That heroic labeller of living things, the 18th century Swede Carl Linnaeus, painstakingly grouped into discrete categories everything which grew breathed or moved. His meticulous ranking of “kinds” made the scientific examination of the living world a whole lot easier. His legacy is greatly valued and his system is still universally used today.
However as time has unfurled, a problem arose in the observation that nature does not always agree with the human desire for rigid boundaries -- of what makes a family, genus or species. It has been observed that nature is actually a lot more fluid in its relationships.
In the last quarter of a century there has
been a new direction in taxonomy (posh
word for scientific classification). We have an increasing understanding of the
genomes of living things including the human species (which are multi-celled eukaryotes)
down to single celled bacteria (prokaryote) and by learning the DNA of
everything, we now have a scientific arbitrator to sort out which really
belongs to which taxon (i.e. rank or
species). It is the DNA which determines the degree of connectedness of one
species, genus or family to another. It is the essential nuts and bolts of taxonomy
and the essence of how evolution is described.
Armed with this new genome tool a marvelous discovery has been made at the humble end of the ladder of life. Sometimes the “connectedness” of one branch of life is puzzling because of not having apparent genetic links but if evolution is true then they must exist.
How did the archaic single celled critters evolve into more complex life? Well, over simplified here for the sake of brevity; some of the single celled animals arranged all their DNA into a nucleus and then (trumpet fanfare) clumped together to form multi-celled critters (some jellyfish and corals still use this method of being a composite or colony of different animals). There are also wonderful living demonstrations of other primitive cells which coalesce only when short of nourishment. (e.g. Dictyostelium discoideum- a favourite in micro biological circles!) Are you still with me?
Nature was unwittingly exploring diversity
by mutation and chance encounters due to wind movement and climate change, with
chemicals, rocks, gases and divergent genomes. We have evidence such as the mitochondrial
cells even in us, we have taken on board as it were, alien life and incorporated
it into our hominine genome. Some of you Trekkies will remember the “symbionts”,
yes humans have actual microscopic symbionts functioning in every one of our cells
and so did the early forms of complex life. Symbiotic life, absorbed because it was useful to the host and later adopted as part of the geneome.

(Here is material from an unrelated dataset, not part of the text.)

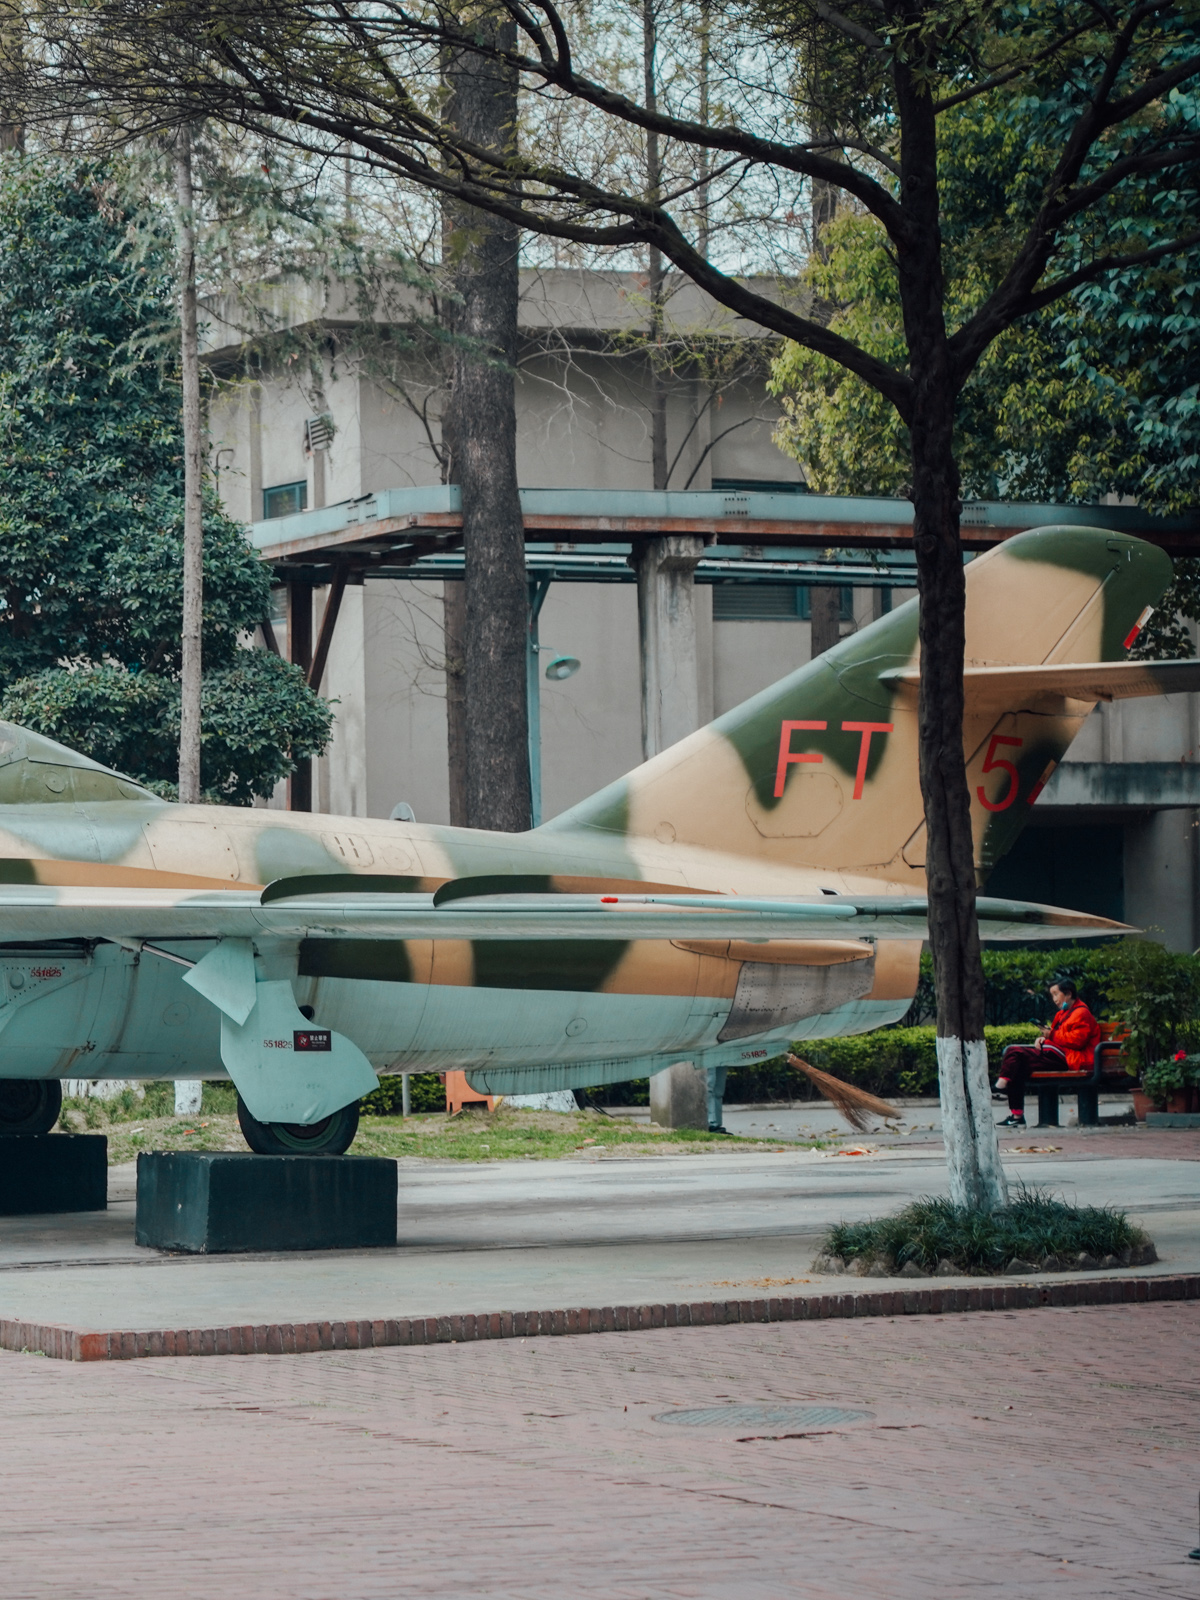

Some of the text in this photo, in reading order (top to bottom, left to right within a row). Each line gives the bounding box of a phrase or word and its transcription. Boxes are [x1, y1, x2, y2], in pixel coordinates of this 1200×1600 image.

[30, 969, 62, 978] 551825
[263, 1039, 293, 1049] 551825
[741, 1049, 768, 1060] 551825

This understanding (admittedly my crude description of it) gives a part explanation to the matter of how increasing complexity arose in the earliest, single celled life which was the only game in town for billions of years.
Recently Japanese researchers according to New Scientist, have found something else. Noticing a familiar DNA signature in a marine deposit they were struck by the fact that it came from a prokaryote, the DNA was previously identified only with more complex life. Bingo! As unlikely this chance find is, they seem to have found that rarest avian: a missing link, i.e. the genetic inheritance factor between the prokaryote and the eukaryote. This is DNA from one of the simplest life forms which ultimately connects it to all which followed including mammals and therefore us. It is exactly what evolution theory would predict.